[[ Entries provided open ]]

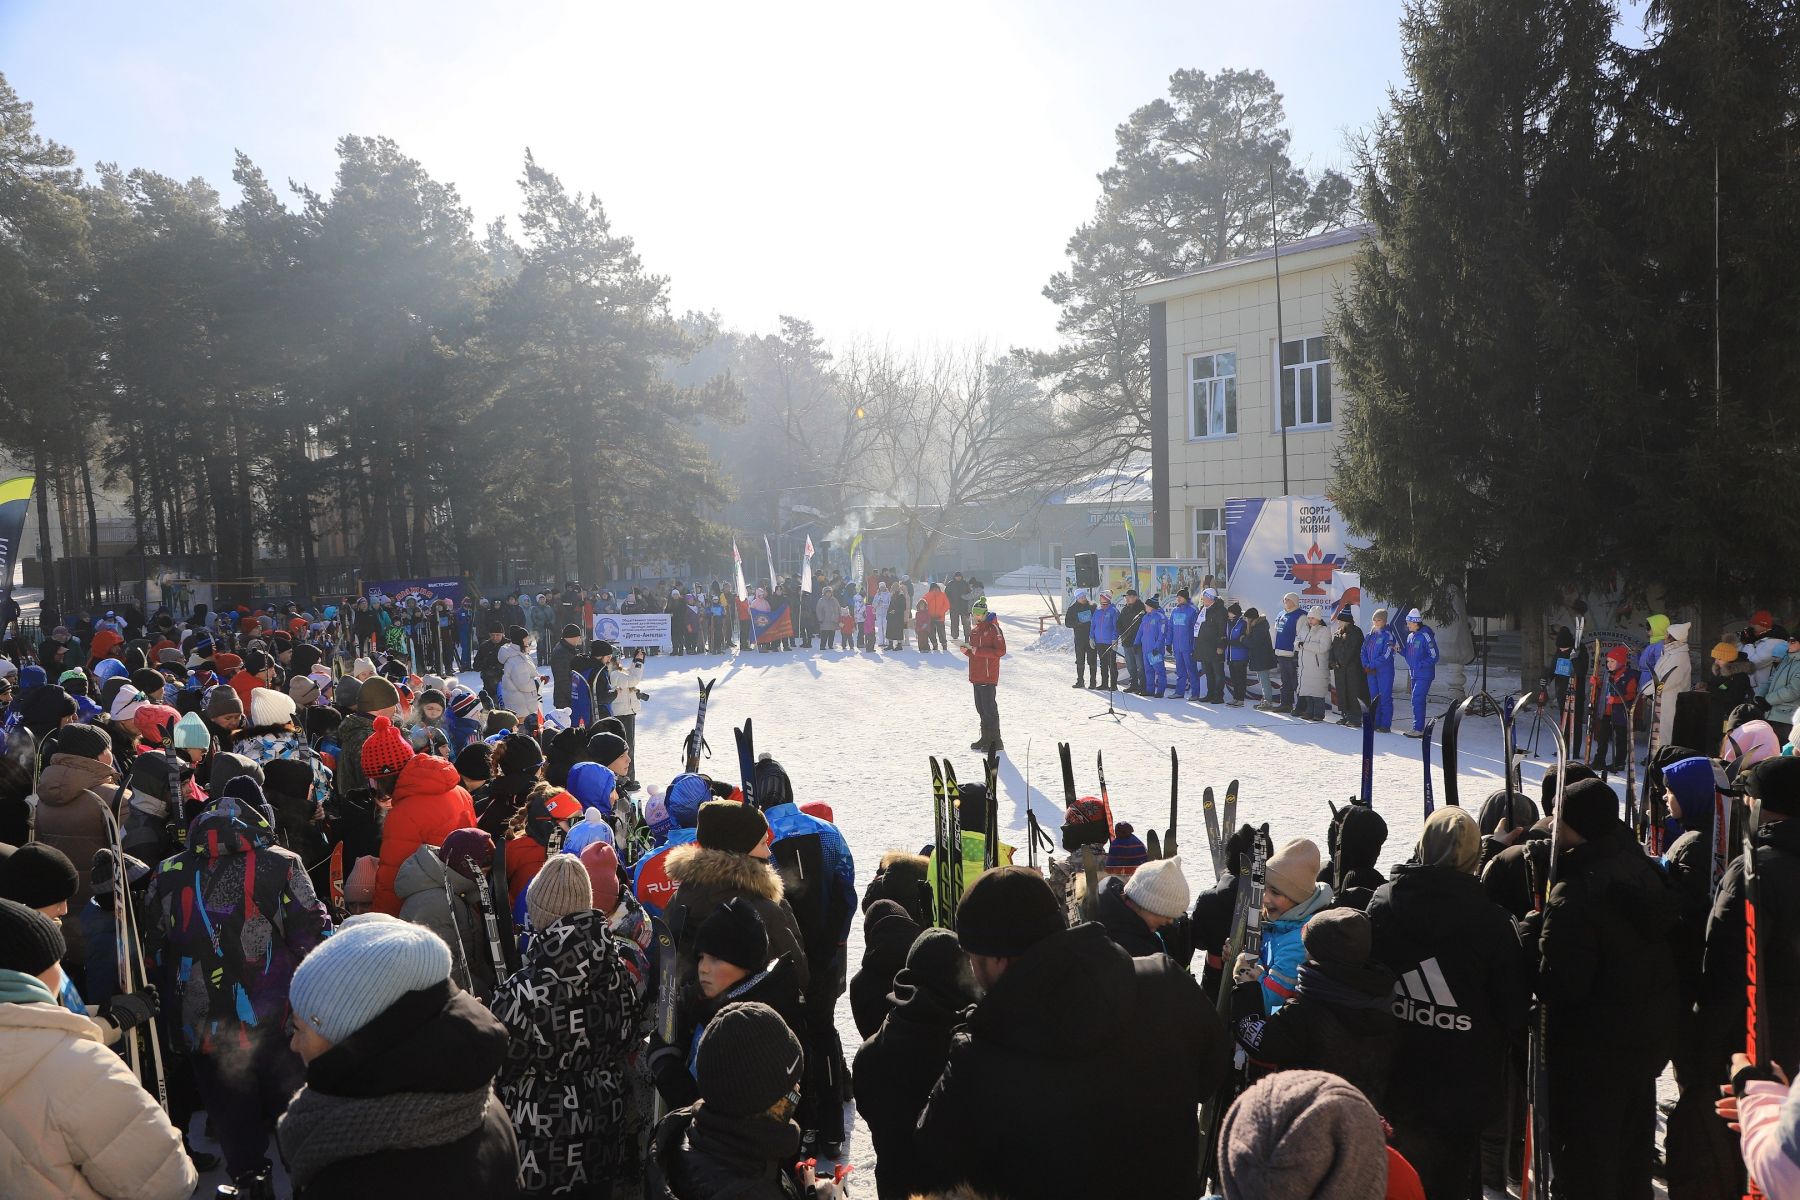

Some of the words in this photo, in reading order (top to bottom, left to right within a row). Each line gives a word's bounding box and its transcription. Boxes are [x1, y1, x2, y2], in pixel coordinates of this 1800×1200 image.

[1300, 515, 1330, 524] НОРМА
[1300, 525, 1330, 533] ЖИЗНИ
[940, 798, 948, 850] FISCHER
[1745, 899, 1758, 1067] BRADOS
[1391, 998, 1472, 1031] didas
[158, 1079, 167, 1101] TISA
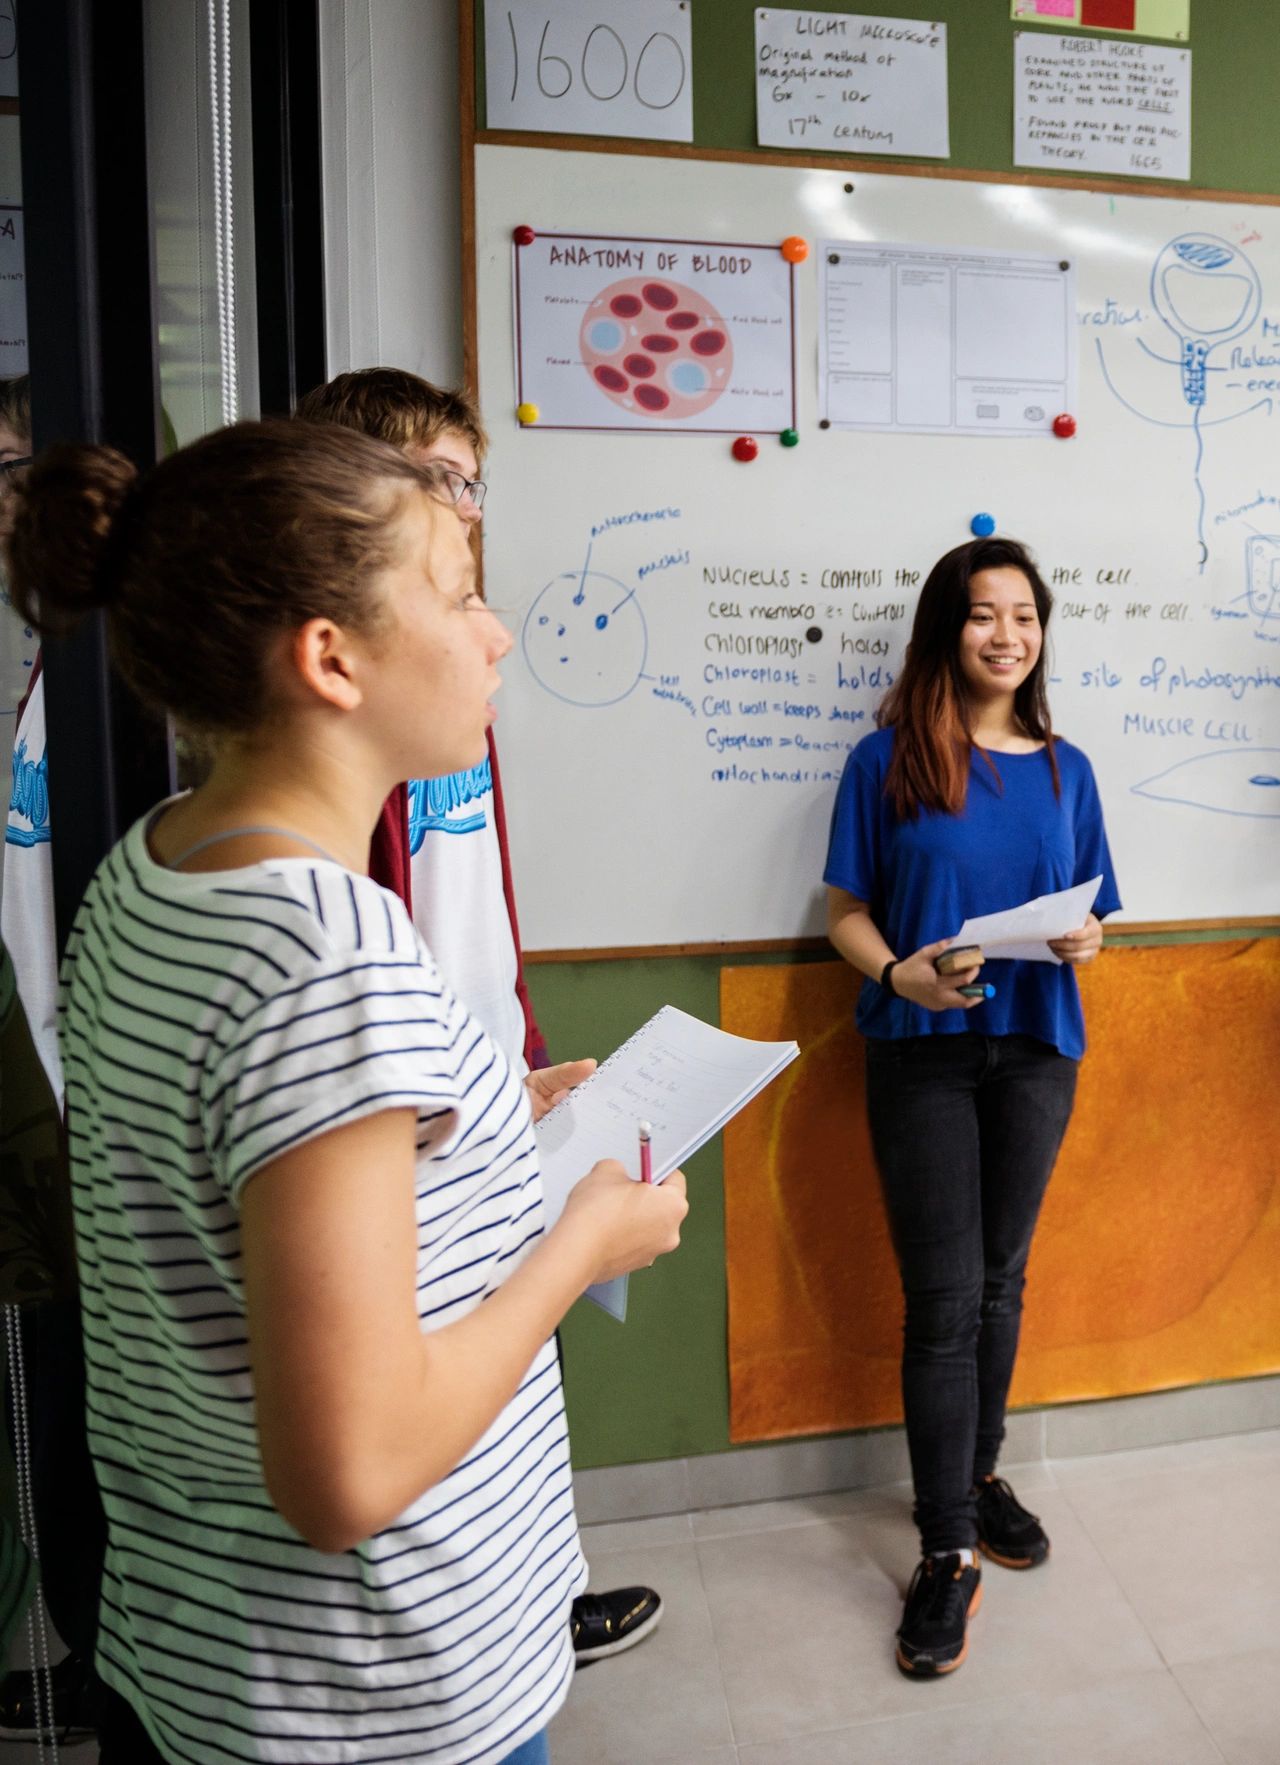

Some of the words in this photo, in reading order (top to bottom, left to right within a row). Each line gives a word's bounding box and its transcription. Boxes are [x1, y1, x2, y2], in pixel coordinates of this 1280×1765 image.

[796, 16, 848, 36] LIGHT
[507, 11, 685, 110] 1600
[549, 244, 645, 270] ANATOMY
[657, 252, 679, 271] OF
[692, 254, 752, 274] BLOOD
[838, 661, 894, 690] holds

[[ Entries provided closed ]]

- [Work to complete]
When you copy the data above, keep each line exact and omit the pictures.

- [Solution to the exercise]
Some of the words in this photo, in reading order (top to bottom, left to right within a row). Each line gives a word's bounding box and its transcription. Boxes are [x1, y1, x2, y2], in pixel coordinates of this 1800×1200 image.

[1300, 515, 1330, 524] НОРМА
[1300, 525, 1330, 533] ЖИЗНИ
[940, 798, 948, 850] FISCHER
[1745, 899, 1758, 1067] BRADOS
[1391, 998, 1472, 1031] didas
[158, 1079, 167, 1101] TISA

Some of the words in this photo, in reading order (top to bottom, left to right within a row). Each line gives a word's bounding box and its transcription. Boxes are [x1, y1, x2, y2], in pixel coordinates of this 1280×1765 image.

[796, 16, 848, 36] LIGHT
[507, 11, 685, 110] 1600
[549, 244, 645, 270] ANATOMY
[657, 252, 679, 271] OF
[692, 254, 752, 274] BLOOD
[838, 661, 894, 690] holds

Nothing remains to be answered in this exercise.